* _Task directions_
Reproduce the entries beneath exactly, without their images.

· · · ·

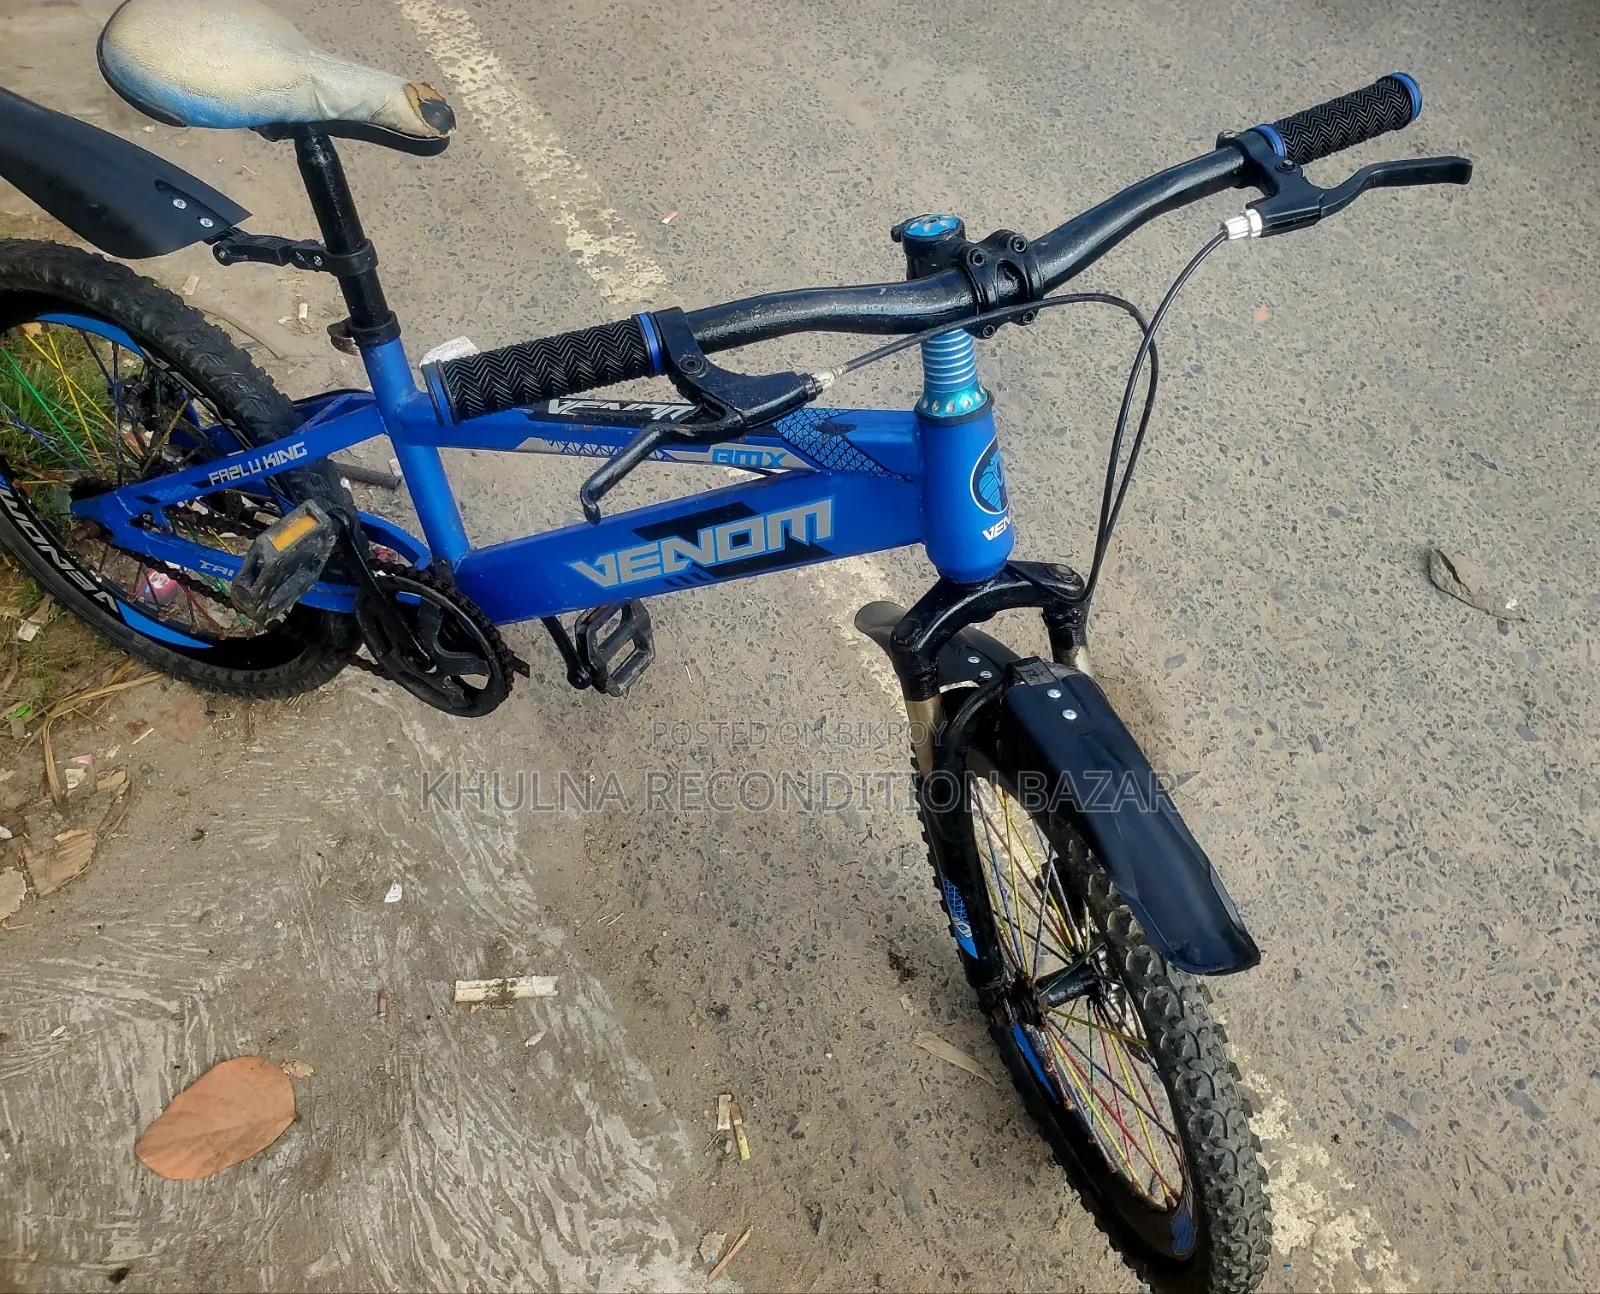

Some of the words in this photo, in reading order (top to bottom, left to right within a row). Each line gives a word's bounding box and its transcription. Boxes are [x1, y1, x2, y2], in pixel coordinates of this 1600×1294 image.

[262, 441, 308, 470] KING
[711, 447, 788, 468] BMX
[565, 496, 834, 590] VENOM
[982, 515, 1012, 542] VEN
[0, 488, 119, 614] VENOM
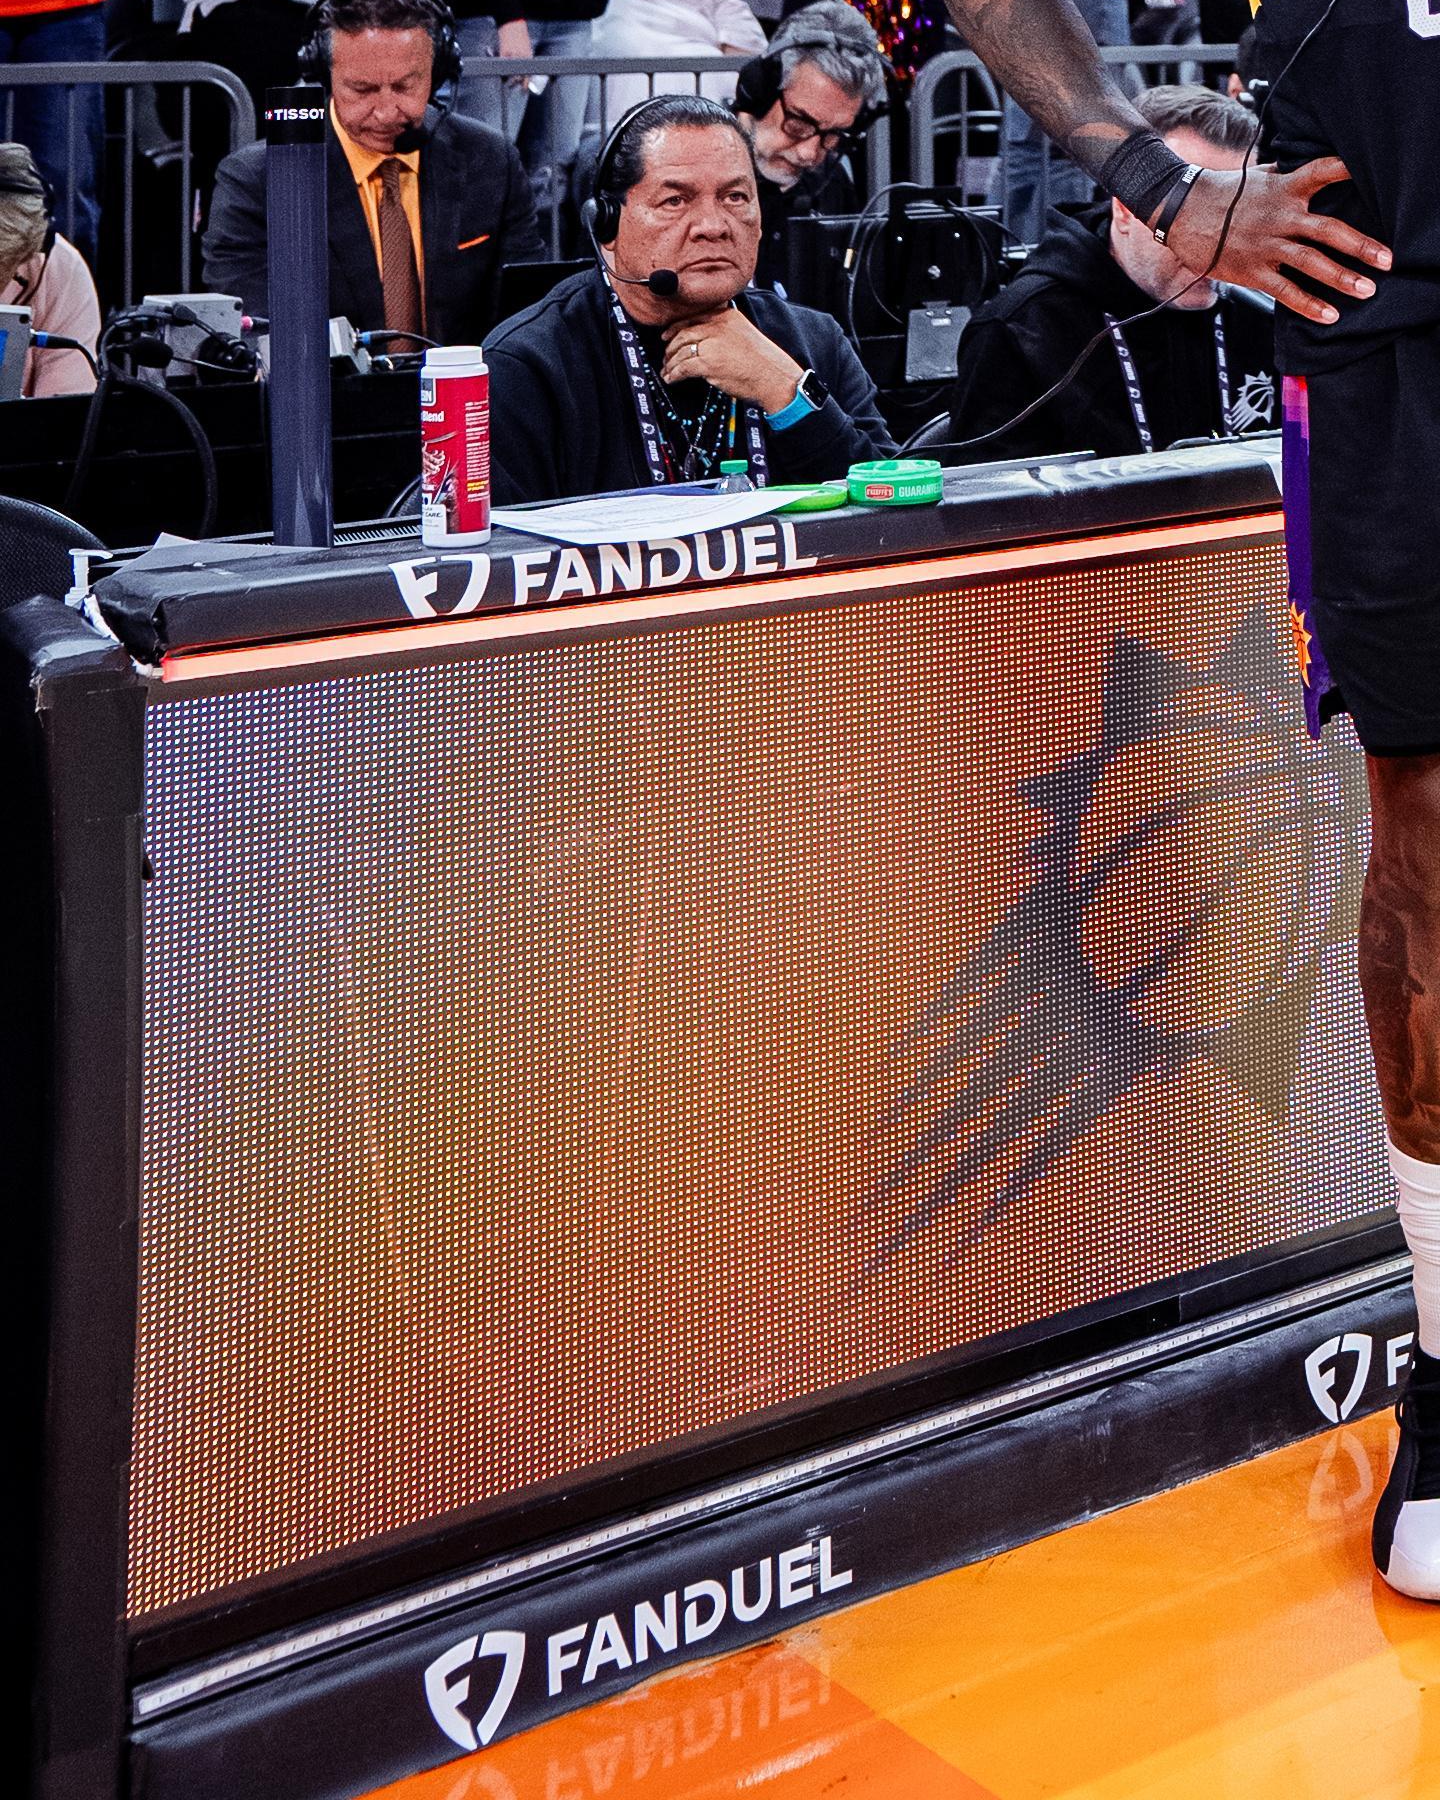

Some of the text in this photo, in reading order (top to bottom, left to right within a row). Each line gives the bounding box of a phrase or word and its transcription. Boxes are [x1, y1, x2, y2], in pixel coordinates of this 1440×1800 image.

· · · ·

* _Problem solution_
Some of the words in this photo, in reading order (top to bottom, left to right within a row). Each line gives a word's bounding box and its transcription. Boxes are [x1, y1, x2, y2], in pixel coordinates of this 1600×1294 image.

[262, 441, 308, 470] KING
[711, 447, 788, 468] BMX
[565, 496, 834, 590] VENOM
[982, 515, 1012, 542] VEN
[0, 488, 119, 614] VENOM

Some of the text in this photo, in reading order (top to bottom, left to right within a row). Each line gives the bounding box of a phrase or word and its transcription. Boxes are [x1, y1, x2, y2], in pixel coordinates of this 1440×1800 image.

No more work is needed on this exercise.